AIM OF THE EXERCISE:
Nothing in the records below should be altered in the copy, although the pictures must be left out.

Referring expression grounding data:
⁂

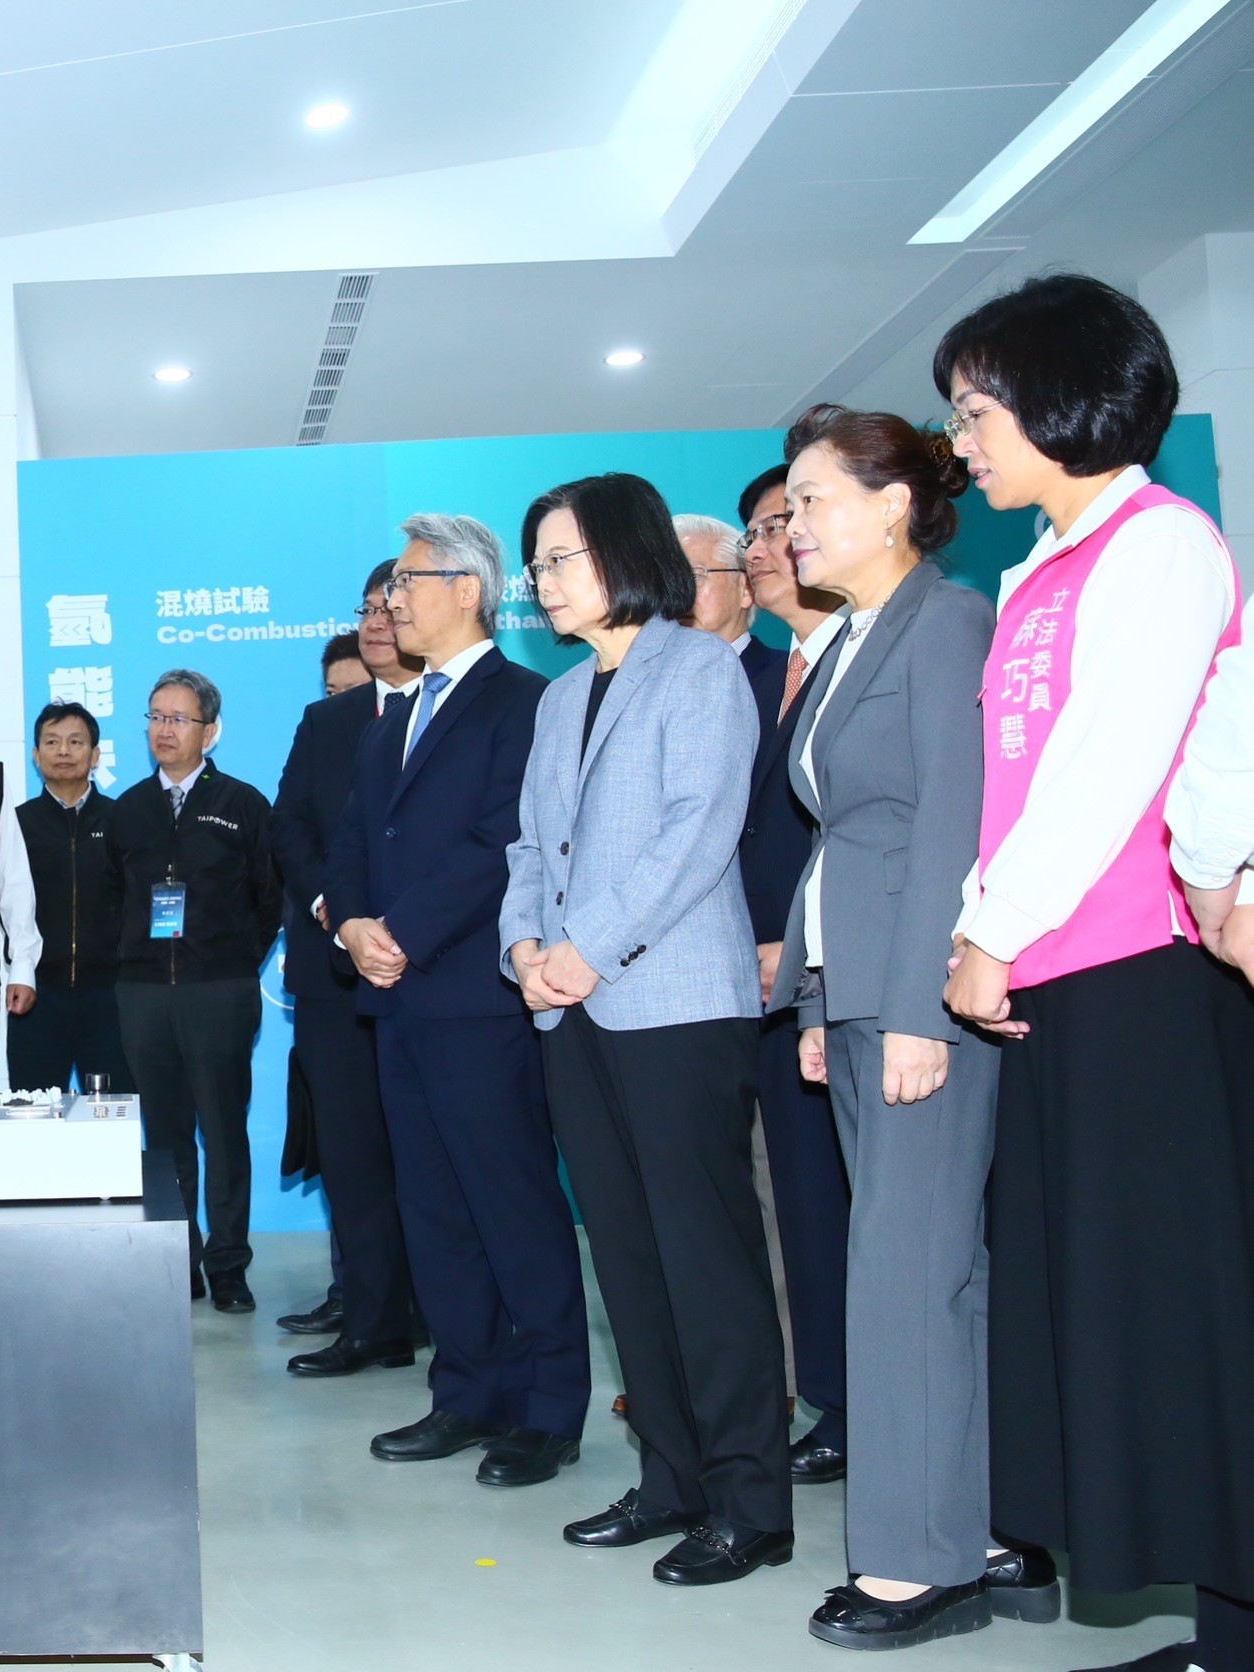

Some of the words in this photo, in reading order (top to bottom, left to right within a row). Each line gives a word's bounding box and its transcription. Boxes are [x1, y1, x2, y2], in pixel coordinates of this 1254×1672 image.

[155, 585, 270, 618] 混燒試驗
[1027, 587, 1070, 713] 立法委員
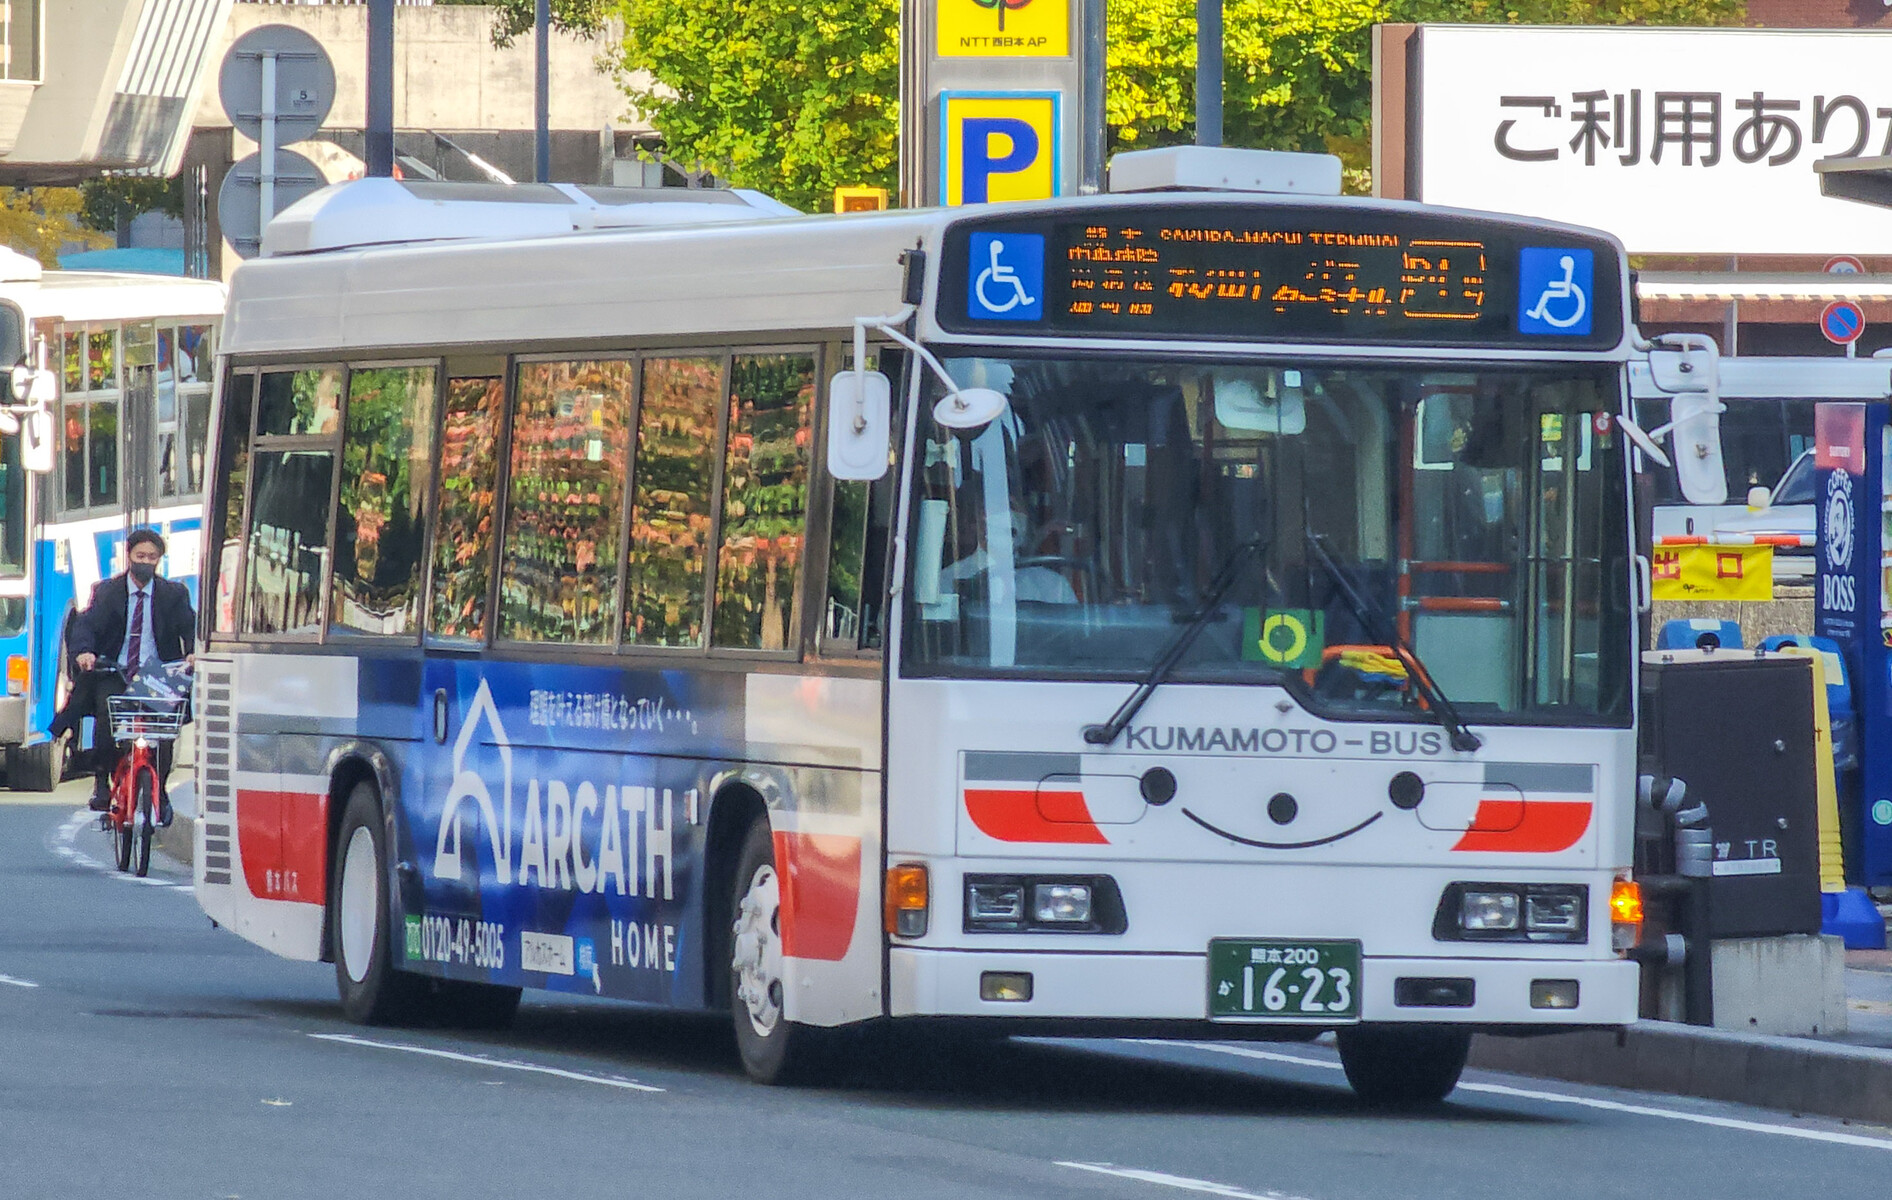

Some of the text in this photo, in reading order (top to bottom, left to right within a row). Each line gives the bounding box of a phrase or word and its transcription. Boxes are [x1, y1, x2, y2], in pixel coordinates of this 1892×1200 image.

[960, 37, 1047, 47] NTT 西日本 AP
[300, 90, 307, 100] 5
[1494, 88, 1892, 167] ご利用あり
[962, 118, 1039, 204] P
[1652, 551, 1743, 580] 出口
[1822, 574, 1856, 612] BOSS
[518, 778, 673, 900] ARCATH
[1744, 839, 1778, 858] TR
[421, 914, 504, 969] 0120-49-5005
[611, 918, 675, 972] HOME
[1251, 947, 1319, 965] 熊本200
[1243, 966, 1352, 1013] 16-23

⁂

EXERCISE RESULT:
Some of the words in this photo, in reading order (top to bottom, left to right within a row). Each line gives a word's bounding box and its transcription. Boxes are [x1, y1, x2, y2], in pixel coordinates of this 1254×1672 image.

[155, 585, 270, 618] 混燒試驗
[1027, 587, 1070, 713] 立法委員

Some of the text in this photo, in reading order (top to bottom, left to right within a row). Each line gives the bounding box of a phrase or word and its transcription. Boxes are [x1, y1, x2, y2], in pixel coordinates of this 1892×1200 image.

[960, 37, 1047, 47] NTT 西日本 AP
[300, 90, 307, 100] 5
[1494, 88, 1892, 167] ご利用あり
[962, 118, 1039, 204] P
[1652, 551, 1743, 580] 出口
[1822, 574, 1856, 612] BOSS
[518, 778, 673, 900] ARCATH
[1744, 839, 1778, 858] TR
[421, 914, 504, 969] 0120-49-5005
[611, 918, 675, 972] HOME
[1251, 947, 1319, 965] 熊本200
[1243, 966, 1352, 1013] 16-23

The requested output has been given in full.